START RECORDS FOR PROCESSING

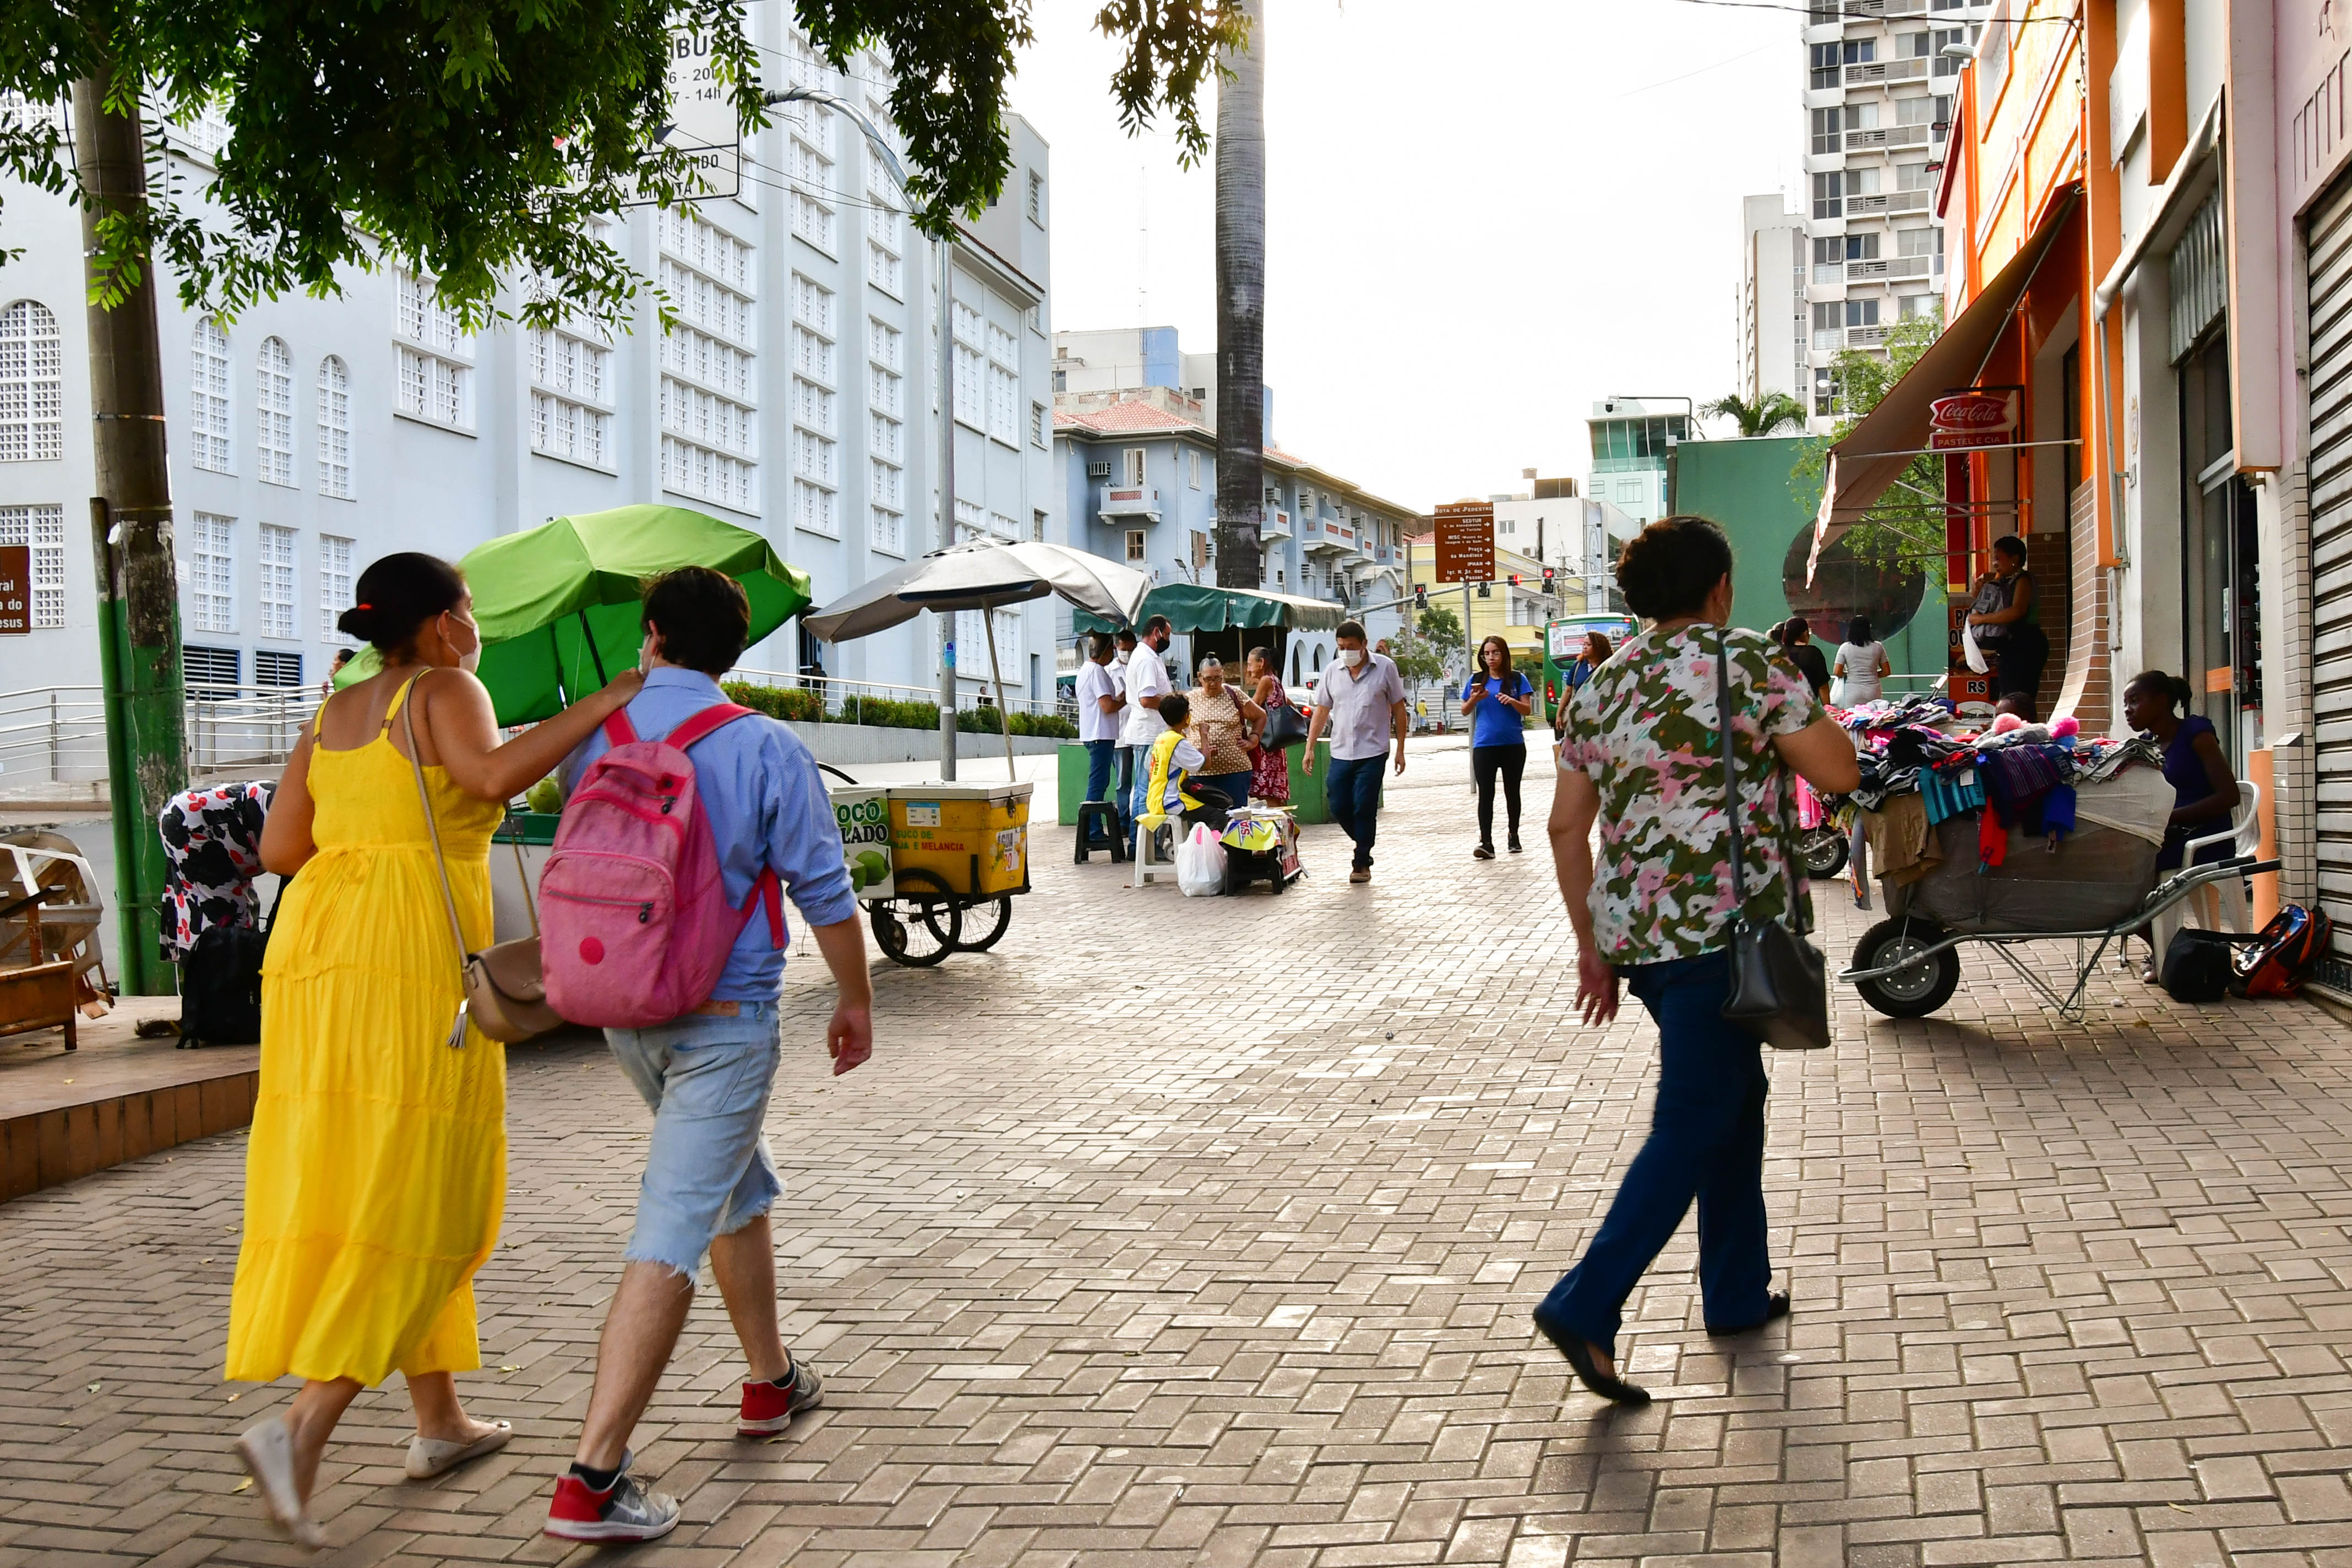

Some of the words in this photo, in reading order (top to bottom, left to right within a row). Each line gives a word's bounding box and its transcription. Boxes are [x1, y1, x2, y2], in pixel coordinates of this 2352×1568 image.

[695, 87, 721, 101] 14h
[1940, 402, 2000, 421] Coca-Cola
[1937, 438, 1973, 447] PASTEL
[8, 598, 23, 611] do
[834, 802, 880, 823] OCO
[896, 830, 918, 839] SUCO
[921, 831, 934, 839] DE:
[922, 842, 965, 851] MELANCIA

END RECORDS FOR PROCESSING

TASK OBJECTIVE:
Repeat the data exactly, without the pictures.

WORKED SOLUTION:
Some of the words in this photo, in reading order (top to bottom, left to right within a row). Each line gives a word's bounding box and its transcription. Boxes are [x1, y1, x2, y2], in pixel coordinates of this 2352×1568 image.

[695, 87, 721, 101] 14h
[1940, 402, 2000, 421] Coca-Cola
[1937, 438, 1973, 447] PASTEL
[8, 598, 23, 611] do
[834, 802, 880, 823] OCO
[896, 830, 918, 839] SUCO
[921, 831, 934, 839] DE:
[922, 842, 965, 851] MELANCIA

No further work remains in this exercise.